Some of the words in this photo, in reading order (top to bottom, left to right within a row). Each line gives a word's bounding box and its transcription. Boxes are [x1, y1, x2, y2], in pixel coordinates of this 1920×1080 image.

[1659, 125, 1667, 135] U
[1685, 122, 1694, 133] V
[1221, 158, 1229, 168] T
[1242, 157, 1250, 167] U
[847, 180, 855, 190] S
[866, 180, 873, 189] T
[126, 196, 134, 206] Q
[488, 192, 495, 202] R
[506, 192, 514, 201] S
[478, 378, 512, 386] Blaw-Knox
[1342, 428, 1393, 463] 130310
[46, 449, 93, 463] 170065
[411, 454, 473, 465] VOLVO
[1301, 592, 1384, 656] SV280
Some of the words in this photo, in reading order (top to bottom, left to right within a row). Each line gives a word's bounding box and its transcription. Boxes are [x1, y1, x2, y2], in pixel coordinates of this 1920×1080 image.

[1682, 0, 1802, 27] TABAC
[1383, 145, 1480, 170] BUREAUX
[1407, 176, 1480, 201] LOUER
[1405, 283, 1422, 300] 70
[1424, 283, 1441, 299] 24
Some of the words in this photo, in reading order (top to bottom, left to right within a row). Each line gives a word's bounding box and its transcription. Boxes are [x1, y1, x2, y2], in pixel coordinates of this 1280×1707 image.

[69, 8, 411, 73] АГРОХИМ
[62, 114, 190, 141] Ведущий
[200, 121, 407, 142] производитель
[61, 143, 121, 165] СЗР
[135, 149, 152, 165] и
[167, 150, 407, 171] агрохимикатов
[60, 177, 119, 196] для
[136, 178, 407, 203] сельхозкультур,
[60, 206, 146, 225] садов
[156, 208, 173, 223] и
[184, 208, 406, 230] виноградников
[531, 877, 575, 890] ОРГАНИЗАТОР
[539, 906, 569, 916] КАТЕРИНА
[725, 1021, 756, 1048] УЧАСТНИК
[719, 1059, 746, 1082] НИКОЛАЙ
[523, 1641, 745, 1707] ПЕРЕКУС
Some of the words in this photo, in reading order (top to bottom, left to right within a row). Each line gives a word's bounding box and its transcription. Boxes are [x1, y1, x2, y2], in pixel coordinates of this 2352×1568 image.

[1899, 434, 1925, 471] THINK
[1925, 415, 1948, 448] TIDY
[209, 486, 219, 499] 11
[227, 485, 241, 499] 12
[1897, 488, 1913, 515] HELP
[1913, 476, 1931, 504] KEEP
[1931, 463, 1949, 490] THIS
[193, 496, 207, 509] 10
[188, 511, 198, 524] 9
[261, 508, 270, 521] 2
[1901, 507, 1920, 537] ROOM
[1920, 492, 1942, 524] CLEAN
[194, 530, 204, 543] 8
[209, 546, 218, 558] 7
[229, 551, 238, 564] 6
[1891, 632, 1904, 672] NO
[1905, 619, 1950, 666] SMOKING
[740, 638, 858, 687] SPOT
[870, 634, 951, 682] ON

..............................

[Activity]
Would you reproduce the full listing shown above, word for word?

[Your response]
Some of the words in this photo, in reading order (top to bottom, left to right within a row). Each line gives a word's bounding box and its transcription. Boxes are [x1, y1, x2, y2], in pixel coordinates of this 1920×1080 image.

[1659, 125, 1667, 135] U
[1685, 122, 1694, 133] V
[1221, 158, 1229, 168] T
[1242, 157, 1250, 167] U
[847, 180, 855, 190] S
[866, 180, 873, 189] T
[126, 196, 134, 206] Q
[488, 192, 495, 202] R
[506, 192, 514, 201] S
[478, 378, 512, 386] Blaw-Knox
[1342, 428, 1393, 463] 130310
[46, 449, 93, 463] 170065
[411, 454, 473, 465] VOLVO
[1301, 592, 1384, 656] SV280
Some of the words in this photo, in reading order (top to bottom, left to right within a row). Each line gives a word's bounding box and its transcription. Boxes are [x1, y1, x2, y2], in pixel coordinates of this 1920×1080 image.

[1682, 0, 1802, 27] TABAC
[1383, 145, 1480, 170] BUREAUX
[1407, 176, 1480, 201] LOUER
[1405, 283, 1422, 300] 70
[1424, 283, 1441, 299] 24
Some of the words in this photo, in reading order (top to bottom, left to right within a row). Each line gives a word's bounding box and its transcription. Boxes are [x1, y1, x2, y2], in pixel coordinates of this 1280×1707 image.

[69, 8, 411, 73] АГРОХИМ
[62, 114, 190, 141] Ведущий
[200, 121, 407, 142] производитель
[61, 143, 121, 165] СЗР
[135, 149, 152, 165] и
[167, 150, 407, 171] агрохимикатов
[60, 177, 119, 196] для
[136, 178, 407, 203] сельхозкультур,
[60, 206, 146, 225] садов
[156, 208, 173, 223] и
[184, 208, 406, 230] виноградников
[531, 877, 575, 890] ОРГАНИЗАТОР
[539, 906, 569, 916] КАТЕРИНА
[725, 1021, 756, 1048] УЧАСТНИК
[719, 1059, 746, 1082] НИКОЛАЙ
[523, 1641, 745, 1707] ПЕРЕКУС
Some of the words in this photo, in reading order (top to bottom, left to right within a row). Each line gives a word's bounding box and its transcription. Boxes are [x1, y1, x2, y2], in pixel coordinates of this 2352×1568 image.

[1899, 434, 1925, 471] THINK
[1925, 415, 1948, 448] TIDY
[209, 486, 219, 499] 11
[227, 485, 241, 499] 12
[1897, 488, 1913, 515] HELP
[1913, 476, 1931, 504] KEEP
[1931, 463, 1949, 490] THIS
[193, 496, 207, 509] 10
[188, 511, 198, 524] 9
[261, 508, 270, 521] 2
[1901, 507, 1920, 537] ROOM
[1920, 492, 1942, 524] CLEAN
[194, 530, 204, 543] 8
[209, 546, 218, 558] 7
[229, 551, 238, 564] 6
[1891, 632, 1904, 672] NO
[1905, 619, 1950, 666] SMOKING
[740, 638, 858, 687] SPOT
[870, 634, 951, 682] ON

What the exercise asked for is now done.